**Problem to solve**
The reply should contain every line of the data, repeated exactly, and no pictures.

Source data
%%

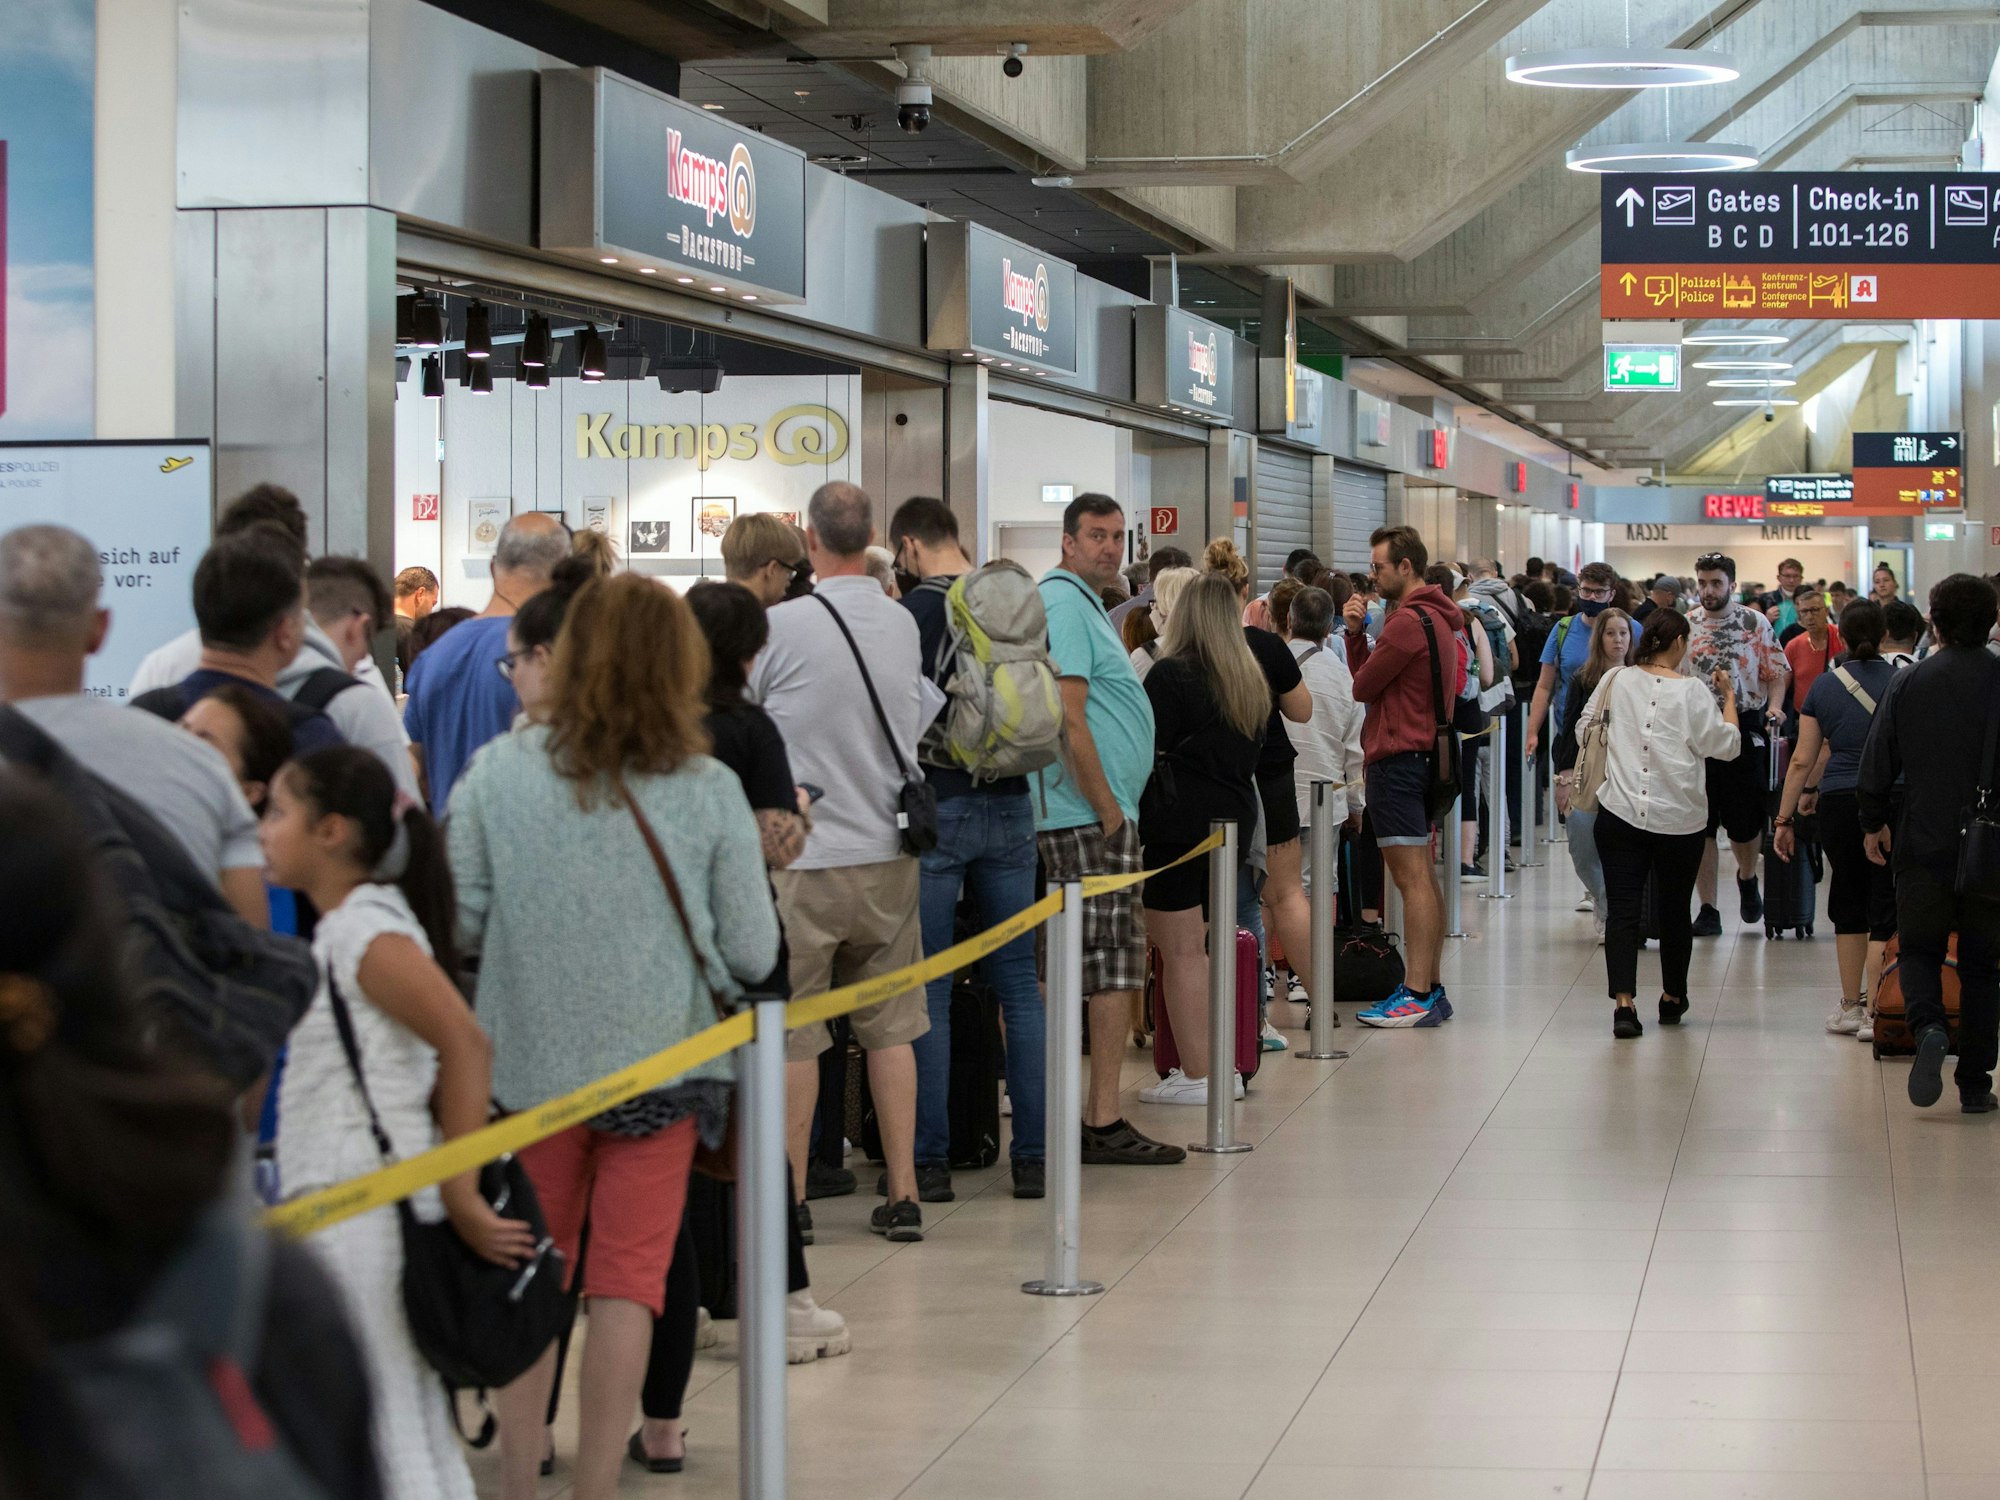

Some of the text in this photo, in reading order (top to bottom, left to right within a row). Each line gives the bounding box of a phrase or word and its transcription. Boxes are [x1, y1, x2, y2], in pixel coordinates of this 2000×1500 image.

[666, 127, 728, 228] Kamps
[1708, 189, 1781, 213] Gates
[1809, 187, 1919, 211] Check-in
[1708, 225, 1774, 249] B C D
[1809, 223, 1910, 247] 101-126
[681, 224, 743, 272] BACKSTUBE
[1680, 277, 1722, 288] Polizei
[1761, 272, 1809, 283] Konferenz-
[1761, 281, 1798, 290] zentrum
[1002, 257, 1035, 327] Kamps
[1680, 291, 1715, 303] Police
[1761, 292, 1808, 301] Conference
[1761, 300, 1790, 309] center
[576, 412, 758, 472] Kamps
[1705, 494, 1765, 519] REWE
[99, 547, 181, 565] sich auf
[114, 574, 152, 588] vor:

%%

**Output for this exercise**
Some of the text in this photo, in reading order (top to bottom, left to right within a row). Each line gives the bounding box of a phrase or word and its transcription. Boxes are [x1, y1, x2, y2], in pixel coordinates of this 2000×1500 image.

[666, 127, 728, 228] Kamps
[1708, 189, 1781, 213] Gates
[1809, 187, 1919, 211] Check-in
[1708, 225, 1774, 249] B C D
[1809, 223, 1910, 247] 101-126
[681, 224, 743, 272] BACKSTUBE
[1680, 277, 1722, 288] Polizei
[1761, 272, 1809, 283] Konferenz-
[1761, 281, 1798, 290] zentrum
[1002, 257, 1035, 327] Kamps
[1680, 291, 1715, 303] Police
[1761, 292, 1808, 301] Conference
[1761, 300, 1790, 309] center
[576, 412, 758, 472] Kamps
[1705, 494, 1765, 519] REWE
[99, 547, 181, 565] sich auf
[114, 574, 152, 588] vor:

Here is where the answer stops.